How can you learn proper form without picking up a bow? It only comes through practice. There are a lot of things to keep in mind, and if one issue is preoccupying you, its easy to miss a step- especially when you are learning and your form does not come naturally.

What happens to many women, including me, is that we are prone to hyper-extending our elbows. I was trying to get used to a release, and didn't remember to turn my elbow out. It did not hit my forearm, it hit the side of my elbow. One thing I also needed to learn was to stagger my feet. This helps keep things in line better. Some bites come from the wrong dl, too, but it is not the only problem.

Not every woman will hit her arm- but obviously many will. A lot of those women, such as the friend with the breast injury, will never pick up a bow again. And its a simple thing to prevent! I haven't used one for quite some time, but I still firmly believe that every woman or kid who picks up a bow should have one. Unless, of course, she has perfect form before she begins to learn.


----------



## bowtechbuffy (Jul 3, 2007)

MN_Chick said:


> How can you learn proper form without picking up a bow? It only comes through practice. There are a lot of things to keep in mind, and if one issue is preoccupying you, its easy to miss a step- especially when you are learning and your form does not come naturally.
> 
> What happens to many women, including me, is that we are prone to hyper-extending our elbows. I was trying to get used to a release, and didn't remember to turn my elbow out. It did not hit my forearm, it hit the side of my elbow. One thing I also needed to learn was to stagger my feet. This helps keep things in line better. Some bites come from the wrong dl, too, but it is not the only problem.
> 
> Not every woman will hit her arm- but obviously many will. A lot of those women, such as the friend with the breast injury, will never pick up a bow again. And its a simple thing to prevent! I haven't used one for quite some time, but I still firmly believe that every woman or kid who picks up a bow should have one. Unless, of course, she has perfect form before she begins to learn.

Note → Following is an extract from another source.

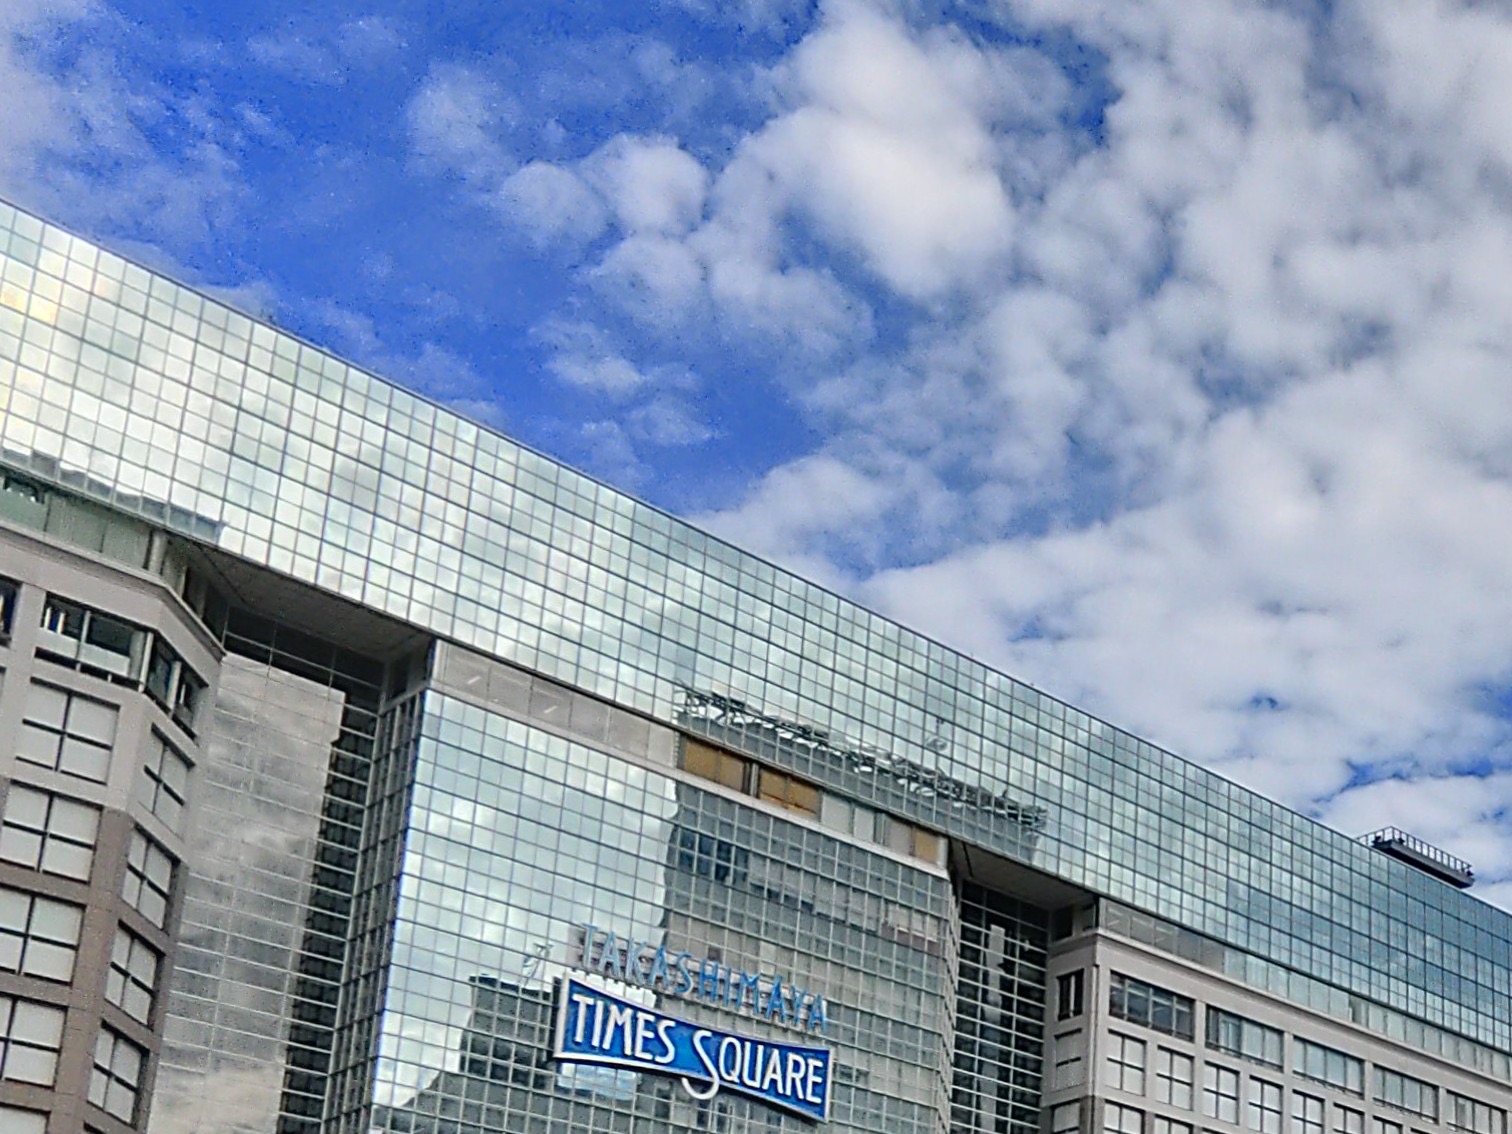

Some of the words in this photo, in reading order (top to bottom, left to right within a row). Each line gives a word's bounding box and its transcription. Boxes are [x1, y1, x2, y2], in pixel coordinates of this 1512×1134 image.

Check out the Korean archery program. They simulate drawing a bow for a YEAR before they are allowed to touch a bow. Seriously. In my archery classes, I have my students simulate drawing a bow using a chunk of rubber tubing. It gives them a little resistance and it helps them balance as they learn to use the right muscles. I also break shooting form into smaller more easily digestable portions, ie getting your feet positioned, standing up straight, keeping your shoulders level. I have them practice with the rubber tubing until I'm satisfied that they won't injure themselves. It usually only takes a short while and I GUARANTEE they will be more accurate out of the gate because of it. 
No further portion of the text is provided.